A hospital patient raised thousands of pounds to help fund an innovative project.

Helen Hill, a patient of specialist hospital St. Mark’s in Harrow, has raised more than £13,000 since May 2014 which will go towards a special tissue engineering project.

Helen Hill has intestinal failure as a result of gastroparesis and visceral myopathy, and has to be fed artificially through a jejenostomy tube.

With the support of her friends, family and the community, she has run more than 15 events since May last year with around 130 donations totalling more than £13,500 including Gift Aid.

This has been raised from events including a skydive, where six brave supporters took part, to packing bags in supermarkets with children and adults from the community.

More recent events include a Christmas raffle, which raised around £2,500 and had the support of many businesses, a dress down day, and a dance night in January which raised £700.

The innovative project that Helen is fundraising for would see the creation of an artificial bowel that is created from tissue engineering.
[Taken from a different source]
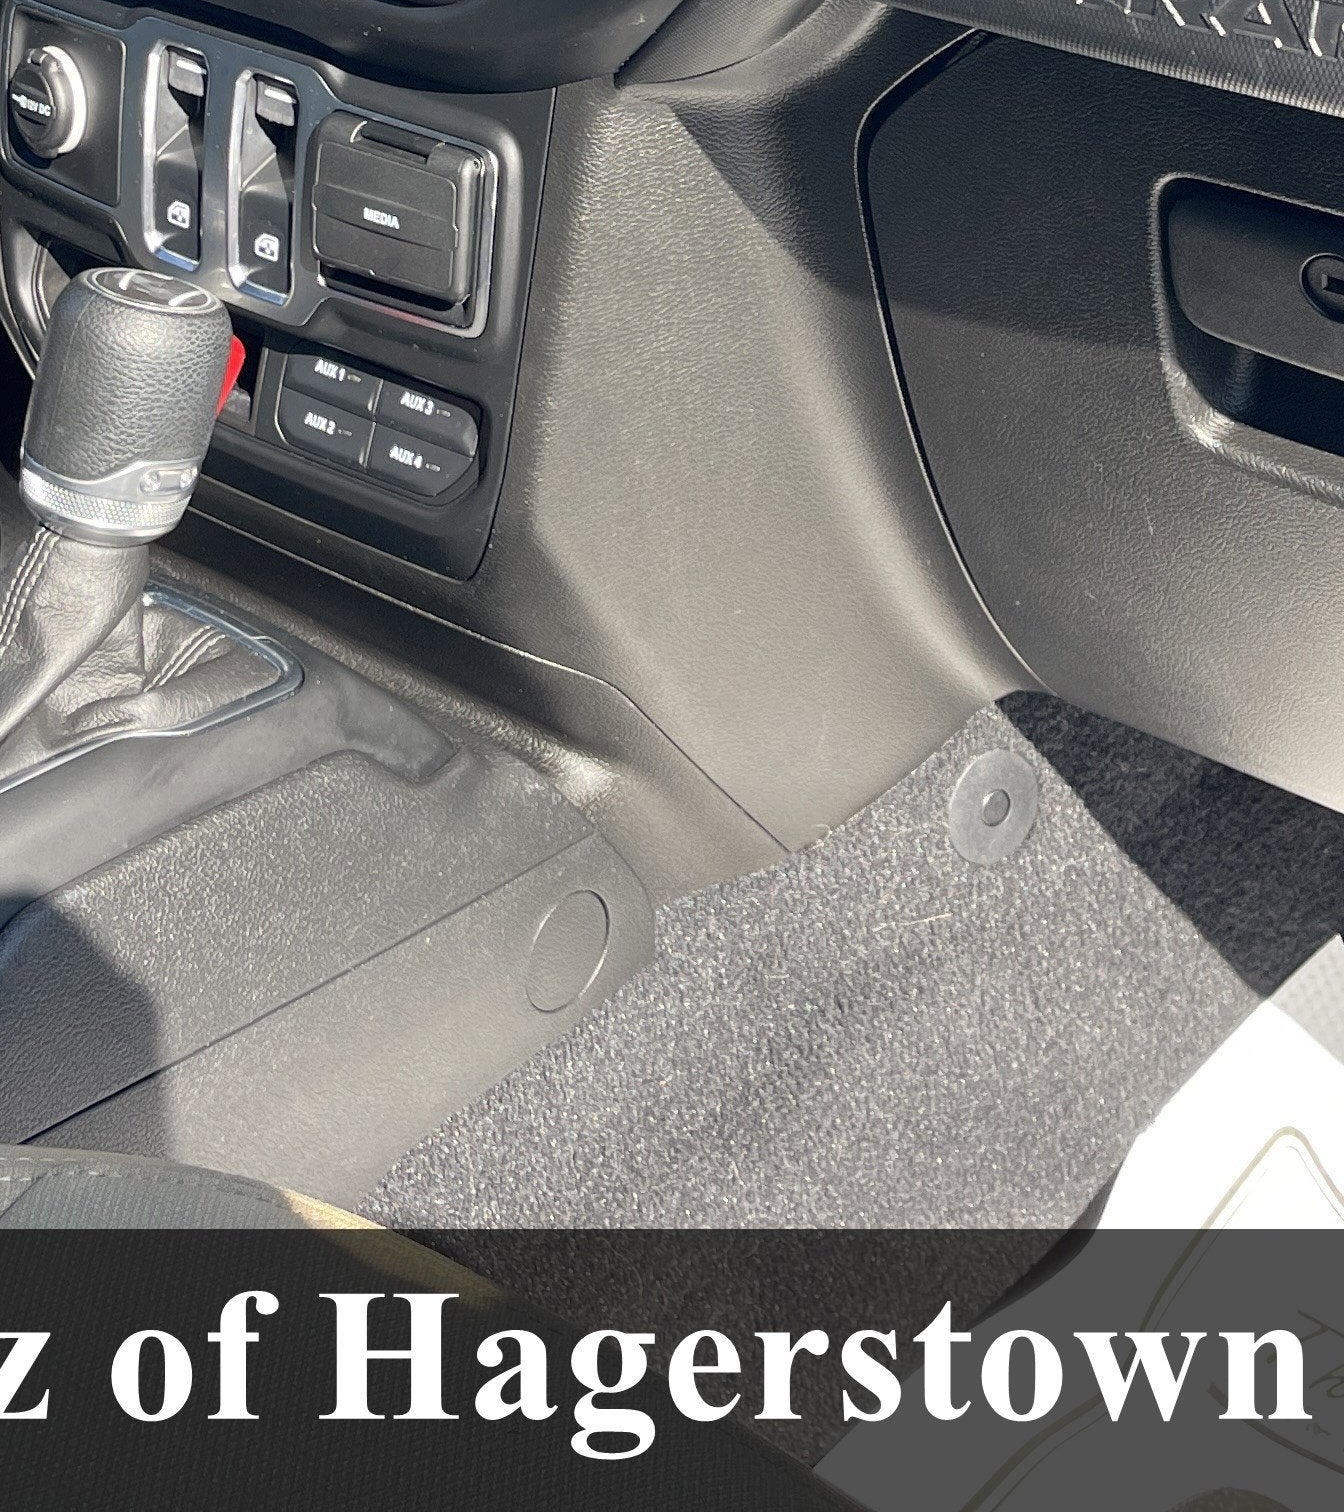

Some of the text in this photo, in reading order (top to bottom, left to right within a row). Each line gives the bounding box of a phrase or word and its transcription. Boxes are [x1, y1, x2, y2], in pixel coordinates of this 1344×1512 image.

In recent years, the team has managed to strip out the cells in a pig bowel and develop a unique scaffold which can be implanted with new cells to form another organ.

A spokesman for the hospital said: “Support from Helen is deeply appreciated by St. Mark’s Hospital Foundation in the fight for a future free from the fear of bowel disease.

“As we mark 180 years since the Hospital’s founding as the world’s first specialist bowel disease Hospital, the efforts made by patents such as Helen will enable us to carry on helping millions of patients long in to the future.”